Député, ça bosse à reluire

par Raphaël GARRIGOS et Isabelle ROBERTS
publié le 16 novembre 2009 à 14h15
(mis à jour le 16 novembre 2009 à 14h16)

Ouais, on vous connaît, vous, les politiques. Dès qu'il s'agit de faire le beau à la télé, y a du monde, mais dès qu'il faut aller au charbon, y a pus personne. J'voudrais vous y voir à faire le journalisse. A se lever à l'aube pour traquer le scoop. A ciseler de la brève qu'on n'en fait pus des comme ça.
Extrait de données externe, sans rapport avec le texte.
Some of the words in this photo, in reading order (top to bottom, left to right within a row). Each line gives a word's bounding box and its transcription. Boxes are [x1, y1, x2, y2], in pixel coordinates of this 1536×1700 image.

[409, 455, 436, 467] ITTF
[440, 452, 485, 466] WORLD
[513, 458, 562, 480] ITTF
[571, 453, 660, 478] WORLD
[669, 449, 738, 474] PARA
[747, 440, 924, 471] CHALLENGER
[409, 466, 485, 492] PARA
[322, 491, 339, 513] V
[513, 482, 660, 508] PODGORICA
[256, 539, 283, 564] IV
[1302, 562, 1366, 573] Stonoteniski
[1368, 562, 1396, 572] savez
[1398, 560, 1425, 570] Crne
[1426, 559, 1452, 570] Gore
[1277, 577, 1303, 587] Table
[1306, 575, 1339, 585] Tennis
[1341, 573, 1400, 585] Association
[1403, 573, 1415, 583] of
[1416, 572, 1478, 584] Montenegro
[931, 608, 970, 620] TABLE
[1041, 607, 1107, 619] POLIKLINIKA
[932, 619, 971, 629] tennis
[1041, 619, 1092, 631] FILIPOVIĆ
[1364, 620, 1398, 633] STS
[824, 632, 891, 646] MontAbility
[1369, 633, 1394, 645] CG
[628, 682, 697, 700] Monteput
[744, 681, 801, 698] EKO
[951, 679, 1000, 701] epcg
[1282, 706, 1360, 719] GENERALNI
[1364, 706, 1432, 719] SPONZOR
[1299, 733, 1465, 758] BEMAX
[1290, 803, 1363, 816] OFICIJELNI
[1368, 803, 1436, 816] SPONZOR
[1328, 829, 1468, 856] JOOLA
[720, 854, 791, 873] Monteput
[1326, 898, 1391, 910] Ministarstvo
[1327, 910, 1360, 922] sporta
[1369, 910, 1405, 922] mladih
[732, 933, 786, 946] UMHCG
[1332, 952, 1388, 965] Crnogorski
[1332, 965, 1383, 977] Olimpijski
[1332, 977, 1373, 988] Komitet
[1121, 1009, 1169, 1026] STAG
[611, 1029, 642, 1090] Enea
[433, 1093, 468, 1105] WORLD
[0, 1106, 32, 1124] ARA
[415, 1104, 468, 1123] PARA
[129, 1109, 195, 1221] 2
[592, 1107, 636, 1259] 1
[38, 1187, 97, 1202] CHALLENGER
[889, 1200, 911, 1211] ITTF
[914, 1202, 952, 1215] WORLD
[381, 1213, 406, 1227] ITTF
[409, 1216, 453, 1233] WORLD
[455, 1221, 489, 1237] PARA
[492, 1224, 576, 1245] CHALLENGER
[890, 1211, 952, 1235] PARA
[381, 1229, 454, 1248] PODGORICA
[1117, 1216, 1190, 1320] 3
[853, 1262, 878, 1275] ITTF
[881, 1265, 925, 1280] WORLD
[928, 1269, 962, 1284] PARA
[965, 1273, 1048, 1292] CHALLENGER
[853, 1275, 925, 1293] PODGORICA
A vous chantourner de la phrase aux petits oignons rissolés pour que le client, y soit content. Venez-y, les Copé, les Hollande goûter à not' turbin que les technocrates de Bruxelles, y sont en train de tuer… Pardonnez ce brusque prurit démagogique, c'est juste qu'on a vu une émission sur LCP-AN, la chaîne de l'Assemblée nationale. J'aimerais vous y voir …, ça s'intitule, points de suspension inclus. Et ça plonge, façon Vis ma vie au lieu de gaspiller mes impôts à la buvette de l'Assemblée nationale , un député dans le bain de ses administrés. Un élu de la République immergé comme une vulgaire Loana dans la piscine saumâtre de la télé-réalité ? Houla.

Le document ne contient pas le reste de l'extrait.